Los niños, víctimas silenciosas de la cuarentena


Gabriela Grajeda Arévalo_ perfil Casi literalPoco y nada he leído en los diarios del mundo sobre la travesía que están afrontando los niños durante esta desgraciada época. Los niños, esos seres inocentes que un día se quedaron sin amigos, sin escuela, sin actividades y de la noche a la mañana se vieron rodeados de cuatro paredes cual presos de guerra. «¿Por qué no puedo ir a fútbol, mami?», me preguntaba Mateo al inicio.
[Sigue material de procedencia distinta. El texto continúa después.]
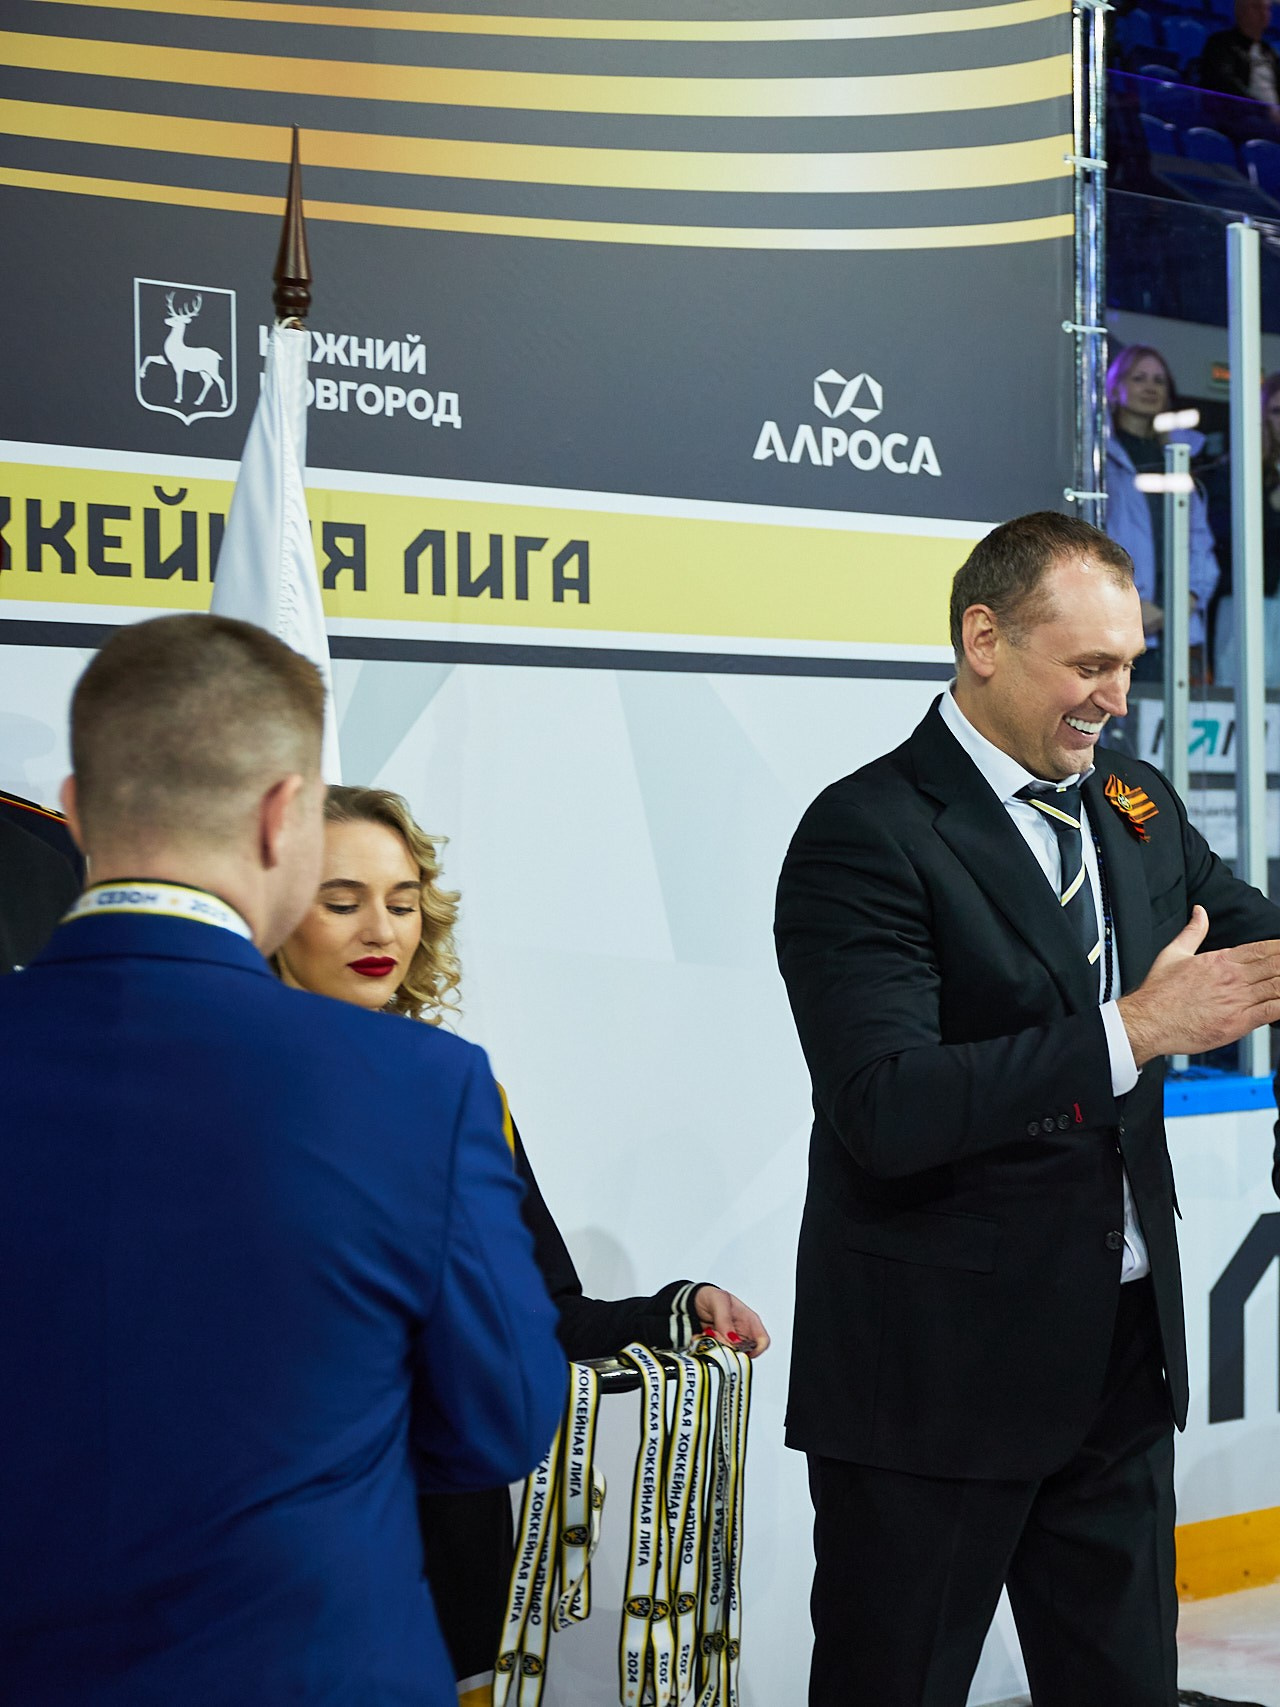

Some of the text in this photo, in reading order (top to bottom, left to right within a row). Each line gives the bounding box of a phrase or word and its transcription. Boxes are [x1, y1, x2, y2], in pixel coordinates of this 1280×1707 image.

[259, 325, 426, 375] ЖНИЙ
[259, 372, 462, 429] ВГОРОД
[752, 420, 943, 477] АЛРОСА
[0, 485, 590, 605] КЕЙЯ ЛИГА
[569, 1367, 590, 1498] ХОККЕЙНАЯ ЛИГА
[631, 1347, 660, 1567] ОФИЦЕРСКАЯ ХОККЕЙНАЯ ЛИГА
[667, 1353, 697, 1520] ЦЕРСКАЯ ХОККЕЙНАЯ
[518, 1491, 546, 1580] ХОККЕЙНАЯ
[710, 1508, 724, 1606] ОФИЦЕРСКАЯ
[510, 1585, 527, 1623] ЛИГА
[627, 1651, 639, 1683] 2024
[659, 1652, 669, 1685] 2025
[680, 1644, 690, 1676] 2025
Una pregunta que incluso a mí me costaba responderle, me quedaba con los ojos vidriosos viendo a la nada y preguntándome «¿Por qué?»

Lo que no cuentan los medios es que después de siete semanas de no salir de casa, los niños empiezan a adoptar comportamientos extraños porque ellos no pueden ponerle nombre a su desdicha. Los adultos solemos llamarle «depresión», «tristeza», «ansiedad», etcétera. Los niños, en cambio, no tienen la noción; se sienten tristes, su vida cambió y no entienden qué pasó. Entonces empiezan a llorar, a portarse mal, a tener regresiones que ya habían superado; por ejemplo: hacerse pipí encima, botar la comida al suelo, incluso tener sensibilidad extrema.

Me he topado con estos comportamientos de mi hija de cuatro años, quien cumplió esos cuatro este miércoles y tuvo que ver a sus abuelos a través de una pantalla. Ahora solo quiere dormir en nuestra cama, a veces se le olvida ir al baño, hace berrinches que nunca había hecho y se enfrasca en peleas con su hermano de siete. Entonces, al confinamiento y a la angustia le sumamos la de nuestros hijos, esos pequeños que no sabemos cómo aliviar.

Esos chiquitines que, como los míos, no tienen la suerte de tener un jardín, tratan de inventarse uno en el pasillo que conecta la sala con su habitación.

El sufrimiento silencioso de los niños solo lo conocemos los padres. El otro día hablaba con una amiga y me contaba que su hijo le decía llorando: «Extraño a mis amigos», mientras ella y su esposo se turnaban para jugar con él. Cuando el hijo de mi amiga, que es el mejor amigo del mío, se pudo conectar en las clases en línea, lo primero que hizo fue decirle a Mateo: «Te extraño».

Recuerdo que lloré escondiéndome en el lavadero de los platos que estaba lavando. Porque lo más difícil es entender que ellos también están librando una batalla. Pero los adultos solemos tener poca paciencia, queremos que —a pesar de la «cuarentena» que a este punto yo le llamo sobrevivencia— los niños hagan lo que tienen que hacer sin salirse de la línea, sin chillar, sin inmutarse, porque ya tenemos suficiente como para cargar encima con su comportamiento, hasta que paramos convirtiéndonos en psicólogos, profesores, cocineros, pintores y actores.

Y un día —entre la ropa tendida en la ventana y el polvo de los marcos de las fotos— observamos detenidamente sus pequeños cuerpos, les contamos el cuento del «Coronavirus» para que entiendan el porqué de su encierro, mientras vemos los pliegues de bebé que aún conservan en las piernas, o los dientes de leche que se asoman como amenaza y nos sentimos abrumados, porque si todo este embrollo no lo terminamos de entender nosotros, ¿cómo podemos pretender que lo entiendan ellos?

La labor del periodismo, a mi criterio, es dar una voz a los que no la tienen. Con este texto espero darles una voz a todos esos niños que lloran detrás de las puertas en la noche. A todos esos pequeños que no tienen otra opción que estar confinados en cuatro paredes con abusadores. A esos chiquitos que están solos, que están tristes, que se hacen pipí porque no saben cómo expresarse. A todas esas criaturas inocentes quiero que sepan que lo siento mucho, espero que algún día puedan disculparnos.